彼女らは、大帝国からの鹵獲品であるモニターとカメラを使って、外から着陸場とその上空の様子を見ている。
組織が使っている小型空中艇――旧大帝国の連絡艇が、遺跡に降りてくる。だが乗っているのは仲間ではなく、謎の男と思われる。
「何者かと言われても、相手は名乗らなかったわ」
シェールィは、僅かに苛立ちを滲ませる。
「でも、彼は私のことを知っていた。おそらく、私たちのことも」
マールスティルを殺したことを、知っている謎の男。おそらくニーヴァランカの者なのだろうが、シェールィには心当たりがなかった。
「わからないことだらけよ」
「そうだな。そもそもニェードラ探索に向かったフネだろうあれ。どうしてその謎の男が乗っているんだ?」
後から来たらしい魔術師からの疑問。シェールィは答える。
「ニェードラで鉢合わせしたらしいわよ。生き残ったのはルィーナクだけで、それも捕まったところまでは通信ができていたんだけど、そこで魔法具を没収された」
「では、ルィーナクは尋問されて、この場所は吐いたということか。これは処分も免れんな」
「彼がまだ生きていたら、ね」
そこで、風の噂魔法具が、交信状態になった。それを見やり、魔術師たちは緊張を新たにする。
「来たな」
「正体を探るんだ、シェールィ」
「別の誰かかもしれないわよ?」
風の噂魔法具を持っているのは他にもいる。
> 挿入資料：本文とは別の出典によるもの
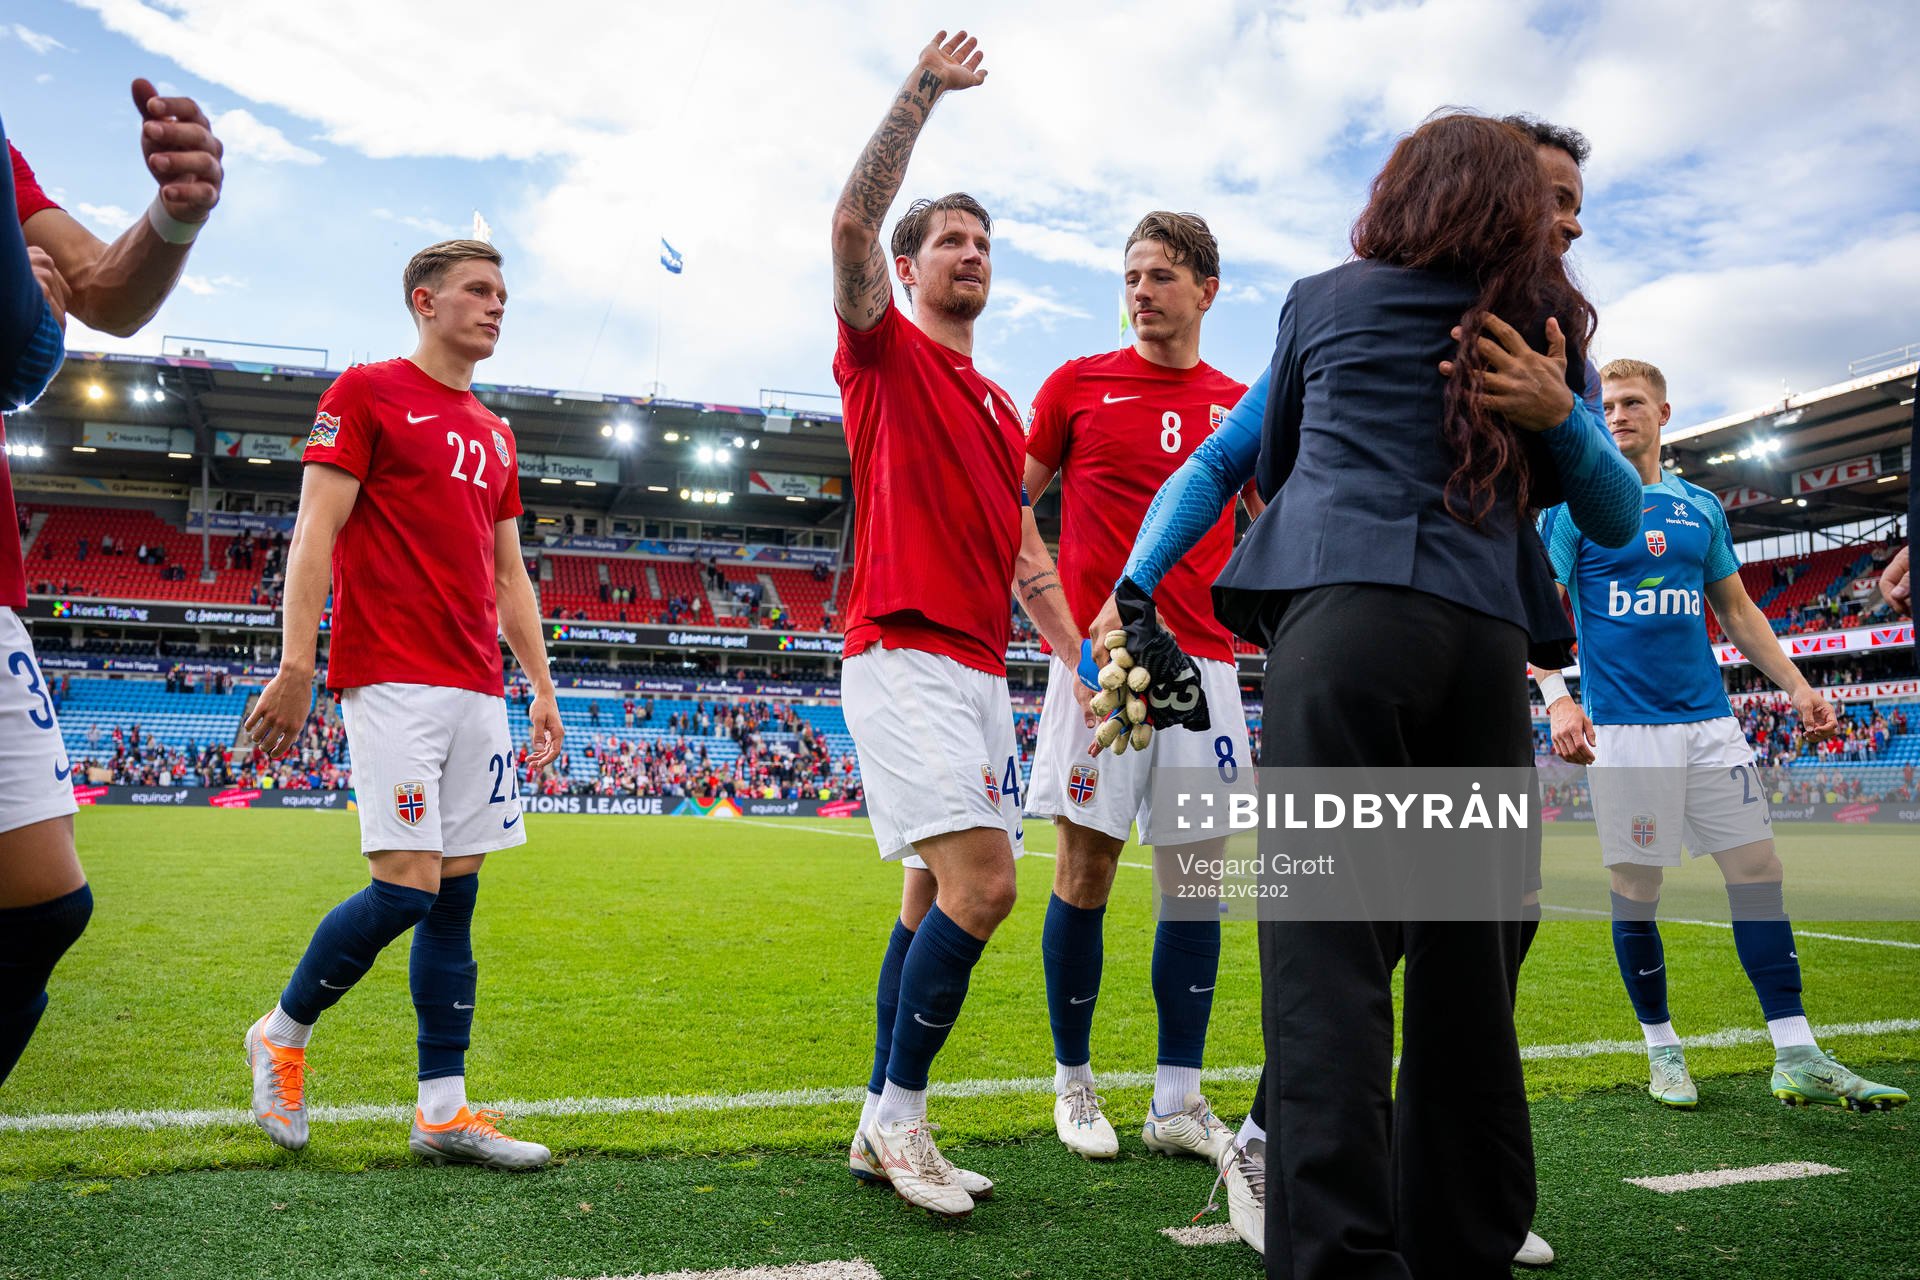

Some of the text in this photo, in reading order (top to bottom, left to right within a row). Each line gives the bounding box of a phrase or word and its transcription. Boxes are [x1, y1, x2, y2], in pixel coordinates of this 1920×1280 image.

[1160, 411, 1183, 453] 8
[446, 431, 488, 489] 22
[518, 460, 593, 478] Norsk Tipping
[1801, 459, 1872, 490] VG
[1681, 519, 1700, 528] Tipping
[1608, 581, 1700, 617] bama
[72, 604, 149, 621] Norsk Tipping
[570, 627, 637, 643] Norsk Tipping
[794, 638, 821, 650] Norsk
[1793, 635, 1847, 653] VG
[43, 658, 88, 669] Norsk Tipping
[114, 661, 159, 671] Norsk Tipping
[185, 664, 205, 672] Norsk
[8, 652, 54, 730] 3
[600, 680, 622, 689] Tipping
[662, 683, 683, 692] Tipping
[1877, 683, 1918, 696] VG
[781, 687, 803, 696] Tipping
[1832, 687, 1869, 699] VG
[1214, 735, 1239, 785] 8
[1002, 755, 1020, 808] 4
[1730, 762, 1766, 805] 2
[132, 793, 174, 804] equinor
[282, 795, 322, 807] equinor
[586, 798, 663, 814] LEAGUE
[751, 803, 787, 814] equinor
[1770, 809, 1804, 819] equinor
その通信かもしれないというシェールィだが、魔術師たちは首を横に振る。
「十中八九、あいつだろう」
遺跡に到着した連絡艇。周りが見守る中、魔法具の通話機能を起動させる。
『外していたから聞いていなかったのだけれど、誰か使ったかしら?』
『あー、切っていたのか、それは仕方ない』
例の謎の男の声だった。
『君たちの遺跡に到着したんだがね。見えているだろう? このまま降りても問題ないか?』
そう言いつつ連絡艇は、着陸寸前である。
『許可した覚えはないわ』
『こちらも許可された覚えはないな』
ズウンと着地したような音が、聞こえたような気がした。モニターを注視していた魔術師たちが、シェールィを見る。風の噂魔法具は念話通信なので、同じく魔法具を持っていないと話の内容がわからない。
『ずいぶん乱暴なこと。こちらでは名乗らないお前をどう呼べばいいかわからずに困惑してる。それは大変失礼なことではなくて? 私のことを知っていて、そちらは名乗らないのは、フェアではないわ』
『言っても問題ないか?』
うん? 周りの風の噂魔法具を持っていた者たちが怪訝な顔になった。シェールィも、相手の言い回しが変なのに首をかしげる。
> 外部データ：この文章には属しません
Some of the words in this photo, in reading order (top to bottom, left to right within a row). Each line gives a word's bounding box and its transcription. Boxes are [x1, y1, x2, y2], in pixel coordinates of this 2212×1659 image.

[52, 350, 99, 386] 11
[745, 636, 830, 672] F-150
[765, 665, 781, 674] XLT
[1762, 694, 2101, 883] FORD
『おかしなことを言うのね。聞いているんだから、答えればいいのよ』
『言っても信じてくれるか自信がないんだがね……』
もったいぶった言い回しである。怒鳴りつけたい衝動をシェールィはこらえた。
『私の名前は、クルフ・ディグラートルだ』
『!?』
ガタンと驚きのあまり椅子から落ちた者がいた。風の噂を持っていない者は何事かという顔をするが、逆に持っている者たちは激しく混乱した。
『元大帝国皇帝といえば、お分かりいただけるかな?』
『クルフ・ディグラートル……そんな。お前は――』
喘ぐように息苦しくなるシェールィ。
『クルフ・ディグラートルは、先の大戦で死んだはず!』
『残念だったな。私は不死身だ。……噂くらいは聞いたことはないかね?』
不死身の大帝国皇帝ディグラートル。確かに大戦中は、そんな噂はあったけれども――シェールィは助けを求めるように、周りを見るが念話通信を聞いていた者たちも激しく動揺していた。聞いていなかった者たちは、場の豹変ぶりにただただ困惑している。
「いったい何だ? 誰だったんだ?」
こらえきれなくなって問う者が現れる。シェールィは唾を飲み込んだ。
「クルフ・ディグラートル……元大帝国皇帝と」
「馬鹿な!」
「クルフ・ディグラートルは死んだはずだ!」
聞いていた者たちから、すでに思っていたことを改めて言葉としてぶつけられる。
「嘘だ。こいつは嘘をついているんだ」
「嘘……? 偽名だって言うの?」
「そりゃあそうだろう。だって、そいつはもう――」
そう言われると、確かにこちらの動揺を誘うために嘘の名前を名乗った可能性があった。有名な故人を名乗ったところからして怪しいといえば怪しいのだ。
『シェールィ、聞いているかな?』
あまりに沈黙が長くて、自称クルフ・ディグラートルが確認してきた。シェールィは呼吸を整える。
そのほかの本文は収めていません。